WORK INSTRUCTIONS: A verbatim reproduction of the following listing is required; omit the pictures.

DATA EXCERPTS:
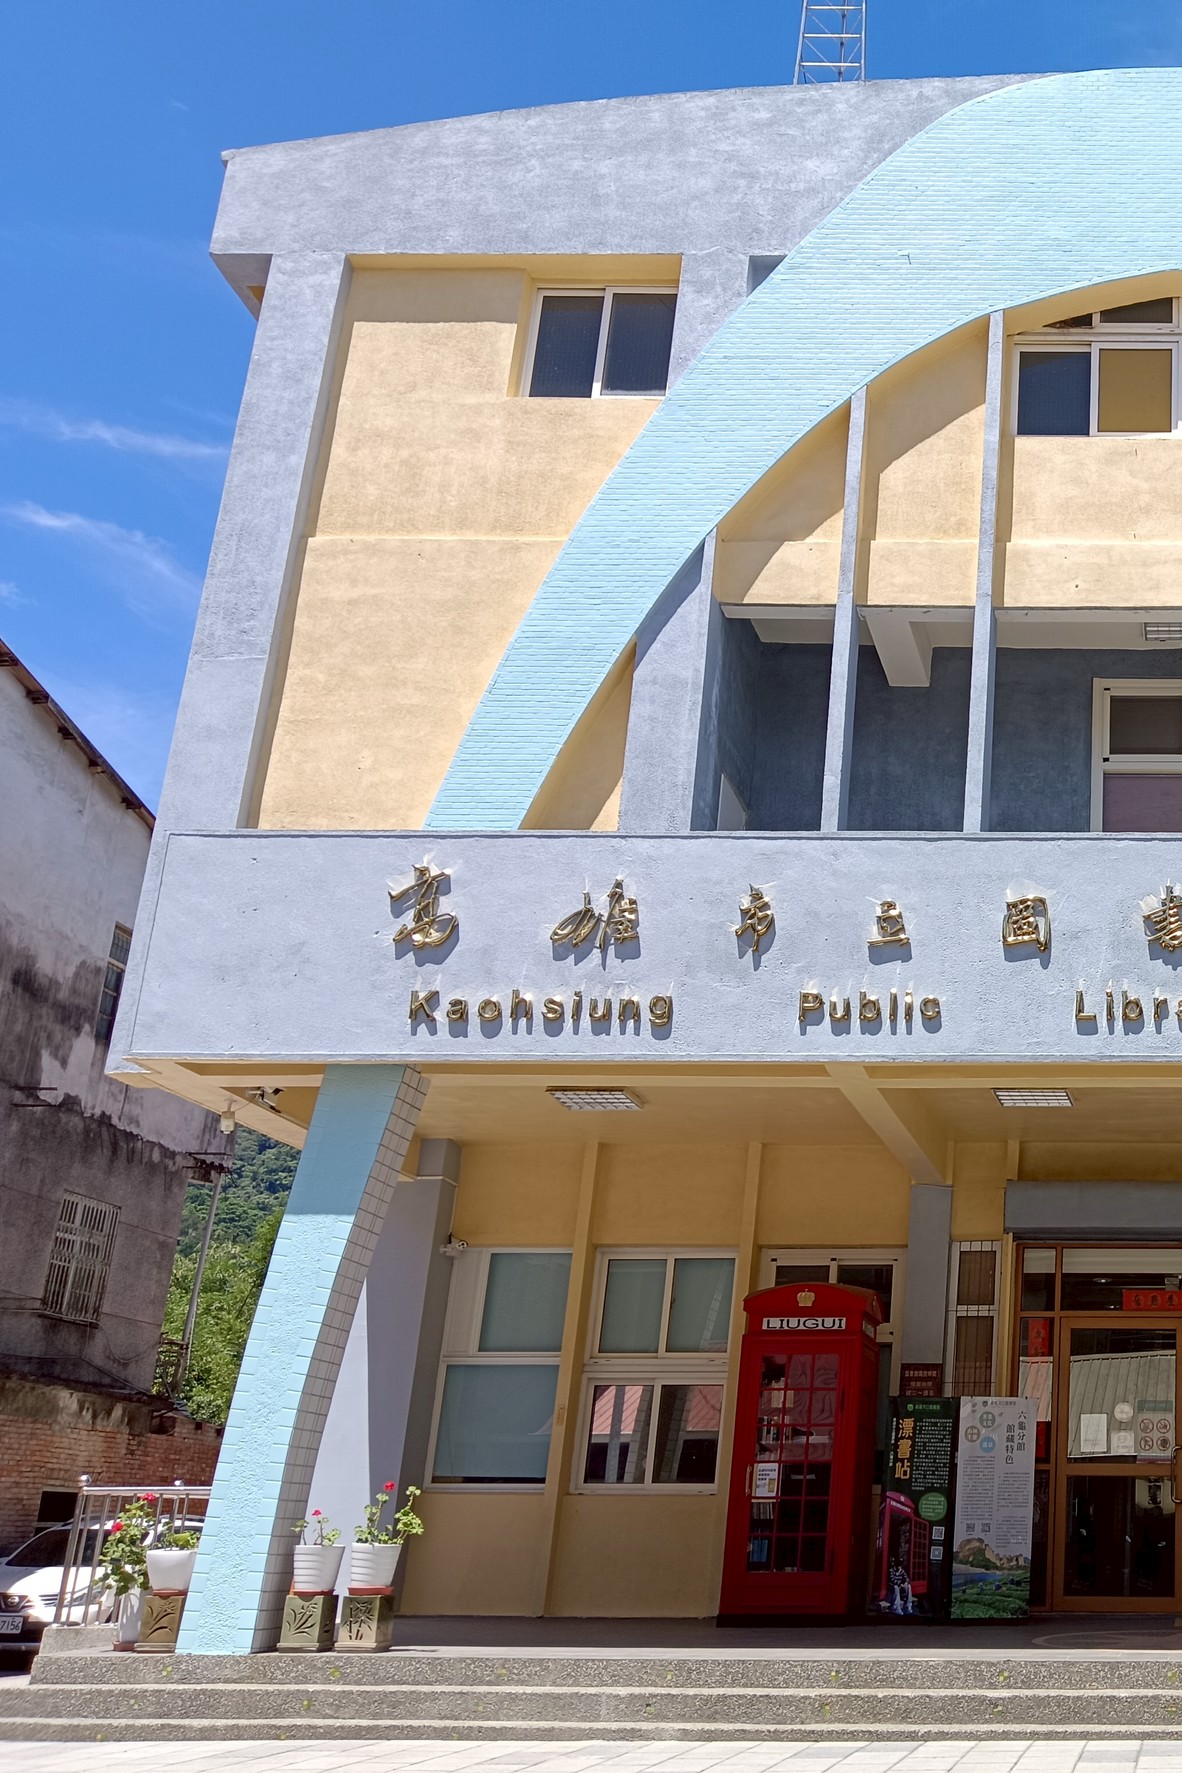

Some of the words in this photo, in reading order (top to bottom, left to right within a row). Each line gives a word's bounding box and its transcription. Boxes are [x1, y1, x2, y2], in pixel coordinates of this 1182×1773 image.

[408, 987, 674, 1027] Kaohsiung
[799, 988, 942, 1022] Public
[766, 1318, 844, 1329] LIUGUI
[895, 1418, 915, 1479] 漂書站
[1005, 1424, 1015, 1465] 館藏特色
[1017, 1411, 1027, 1451] 六龜分館
[0, 1620, 21, 1631] 7156
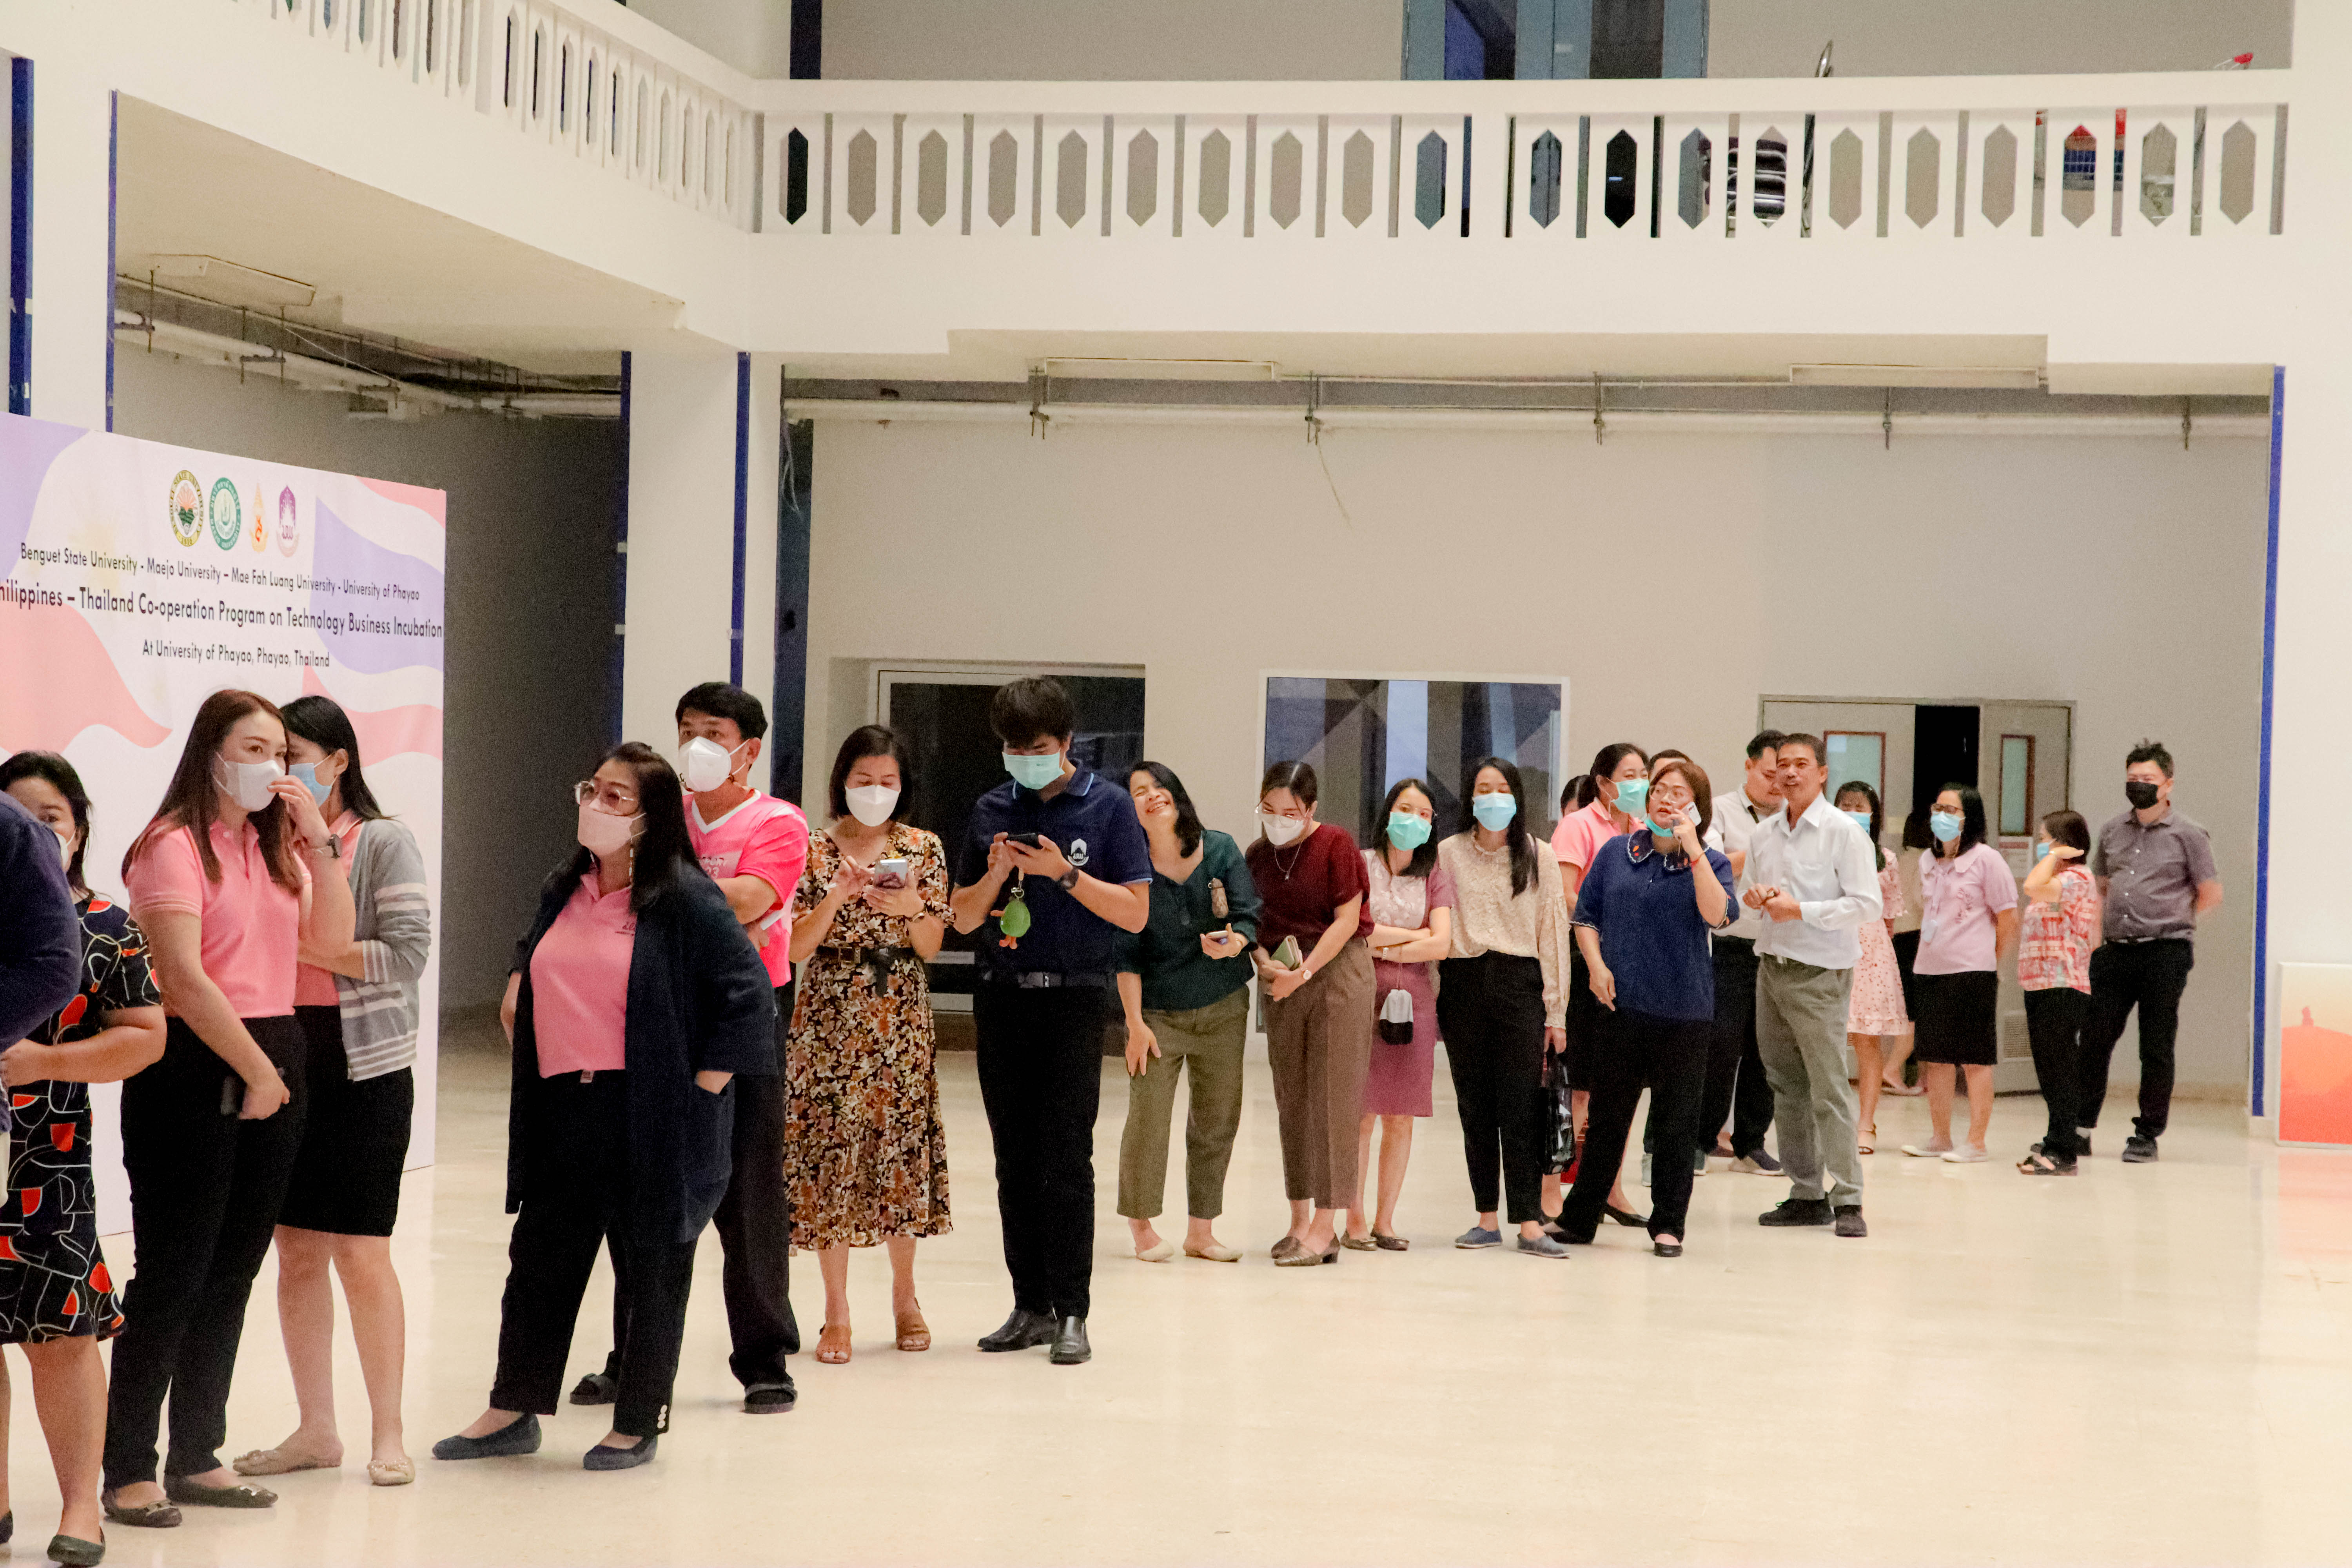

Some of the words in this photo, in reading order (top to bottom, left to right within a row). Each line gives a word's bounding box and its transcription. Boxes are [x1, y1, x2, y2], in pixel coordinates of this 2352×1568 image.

[21, 542, 60, 566] Benguet
[64, 548, 87, 566] State
[91, 551, 137, 575] University
[147, 557, 174, 579] Maejo
[178, 561, 220, 584] University
[232, 567, 249, 583] Mae
[252, 569, 266, 585] Fah
[270, 572, 293, 592] Luang
[297, 575, 335, 595] University
[344, 579, 379, 600] University
[383, 584, 390, 597] of
[393, 584, 419, 603] Phayao
[79, 586, 133, 613] Thailand
[139, 593, 214, 622] Co-operation
[219, 600, 265, 628] Program
[270, 612, 282, 626] on
[286, 606, 345, 635] Technology
[349, 612, 390, 634] Business
[394, 616, 441, 637] Incubation
[143, 639, 153, 655] At
[156, 640, 202, 663] University
[206, 644, 214, 660] of
[219, 644, 253, 666] Phayao,
[258, 647, 290, 668] Phayao,
[294, 650, 329, 667] Thailand

SOLVED EXERCISE:
Some of the words in this photo, in reading order (top to bottom, left to right within a row). Each line gives a word's bounding box and its transcription. Boxes are [x1, y1, x2, y2], in pixel coordinates of this 1182×1773 image.

[408, 987, 674, 1027] Kaohsiung
[799, 988, 942, 1022] Public
[766, 1318, 844, 1329] LIUGUI
[895, 1418, 915, 1479] 漂書站
[1005, 1424, 1015, 1465] 館藏特色
[1017, 1411, 1027, 1451] 六龜分館
[0, 1620, 21, 1631] 7156

Some of the words in this photo, in reading order (top to bottom, left to right within a row). Each line gives a word's bounding box and its transcription. Boxes are [x1, y1, x2, y2], in pixel coordinates of this 2352×1568 image.

[21, 542, 60, 566] Benguet
[64, 548, 87, 566] State
[91, 551, 137, 575] University
[147, 557, 174, 579] Maejo
[178, 561, 220, 584] University
[232, 567, 249, 583] Mae
[252, 569, 266, 585] Fah
[270, 572, 293, 592] Luang
[297, 575, 335, 595] University
[344, 579, 379, 600] University
[383, 584, 390, 597] of
[393, 584, 419, 603] Phayao
[79, 586, 133, 613] Thailand
[139, 593, 214, 622] Co-operation
[219, 600, 265, 628] Program
[270, 612, 282, 626] on
[286, 606, 345, 635] Technology
[349, 612, 390, 634] Business
[394, 616, 441, 637] Incubation
[143, 639, 153, 655] At
[156, 640, 202, 663] University
[206, 644, 214, 660] of
[219, 644, 253, 666] Phayao,
[258, 647, 290, 668] Phayao,
[294, 650, 329, 667] Thailand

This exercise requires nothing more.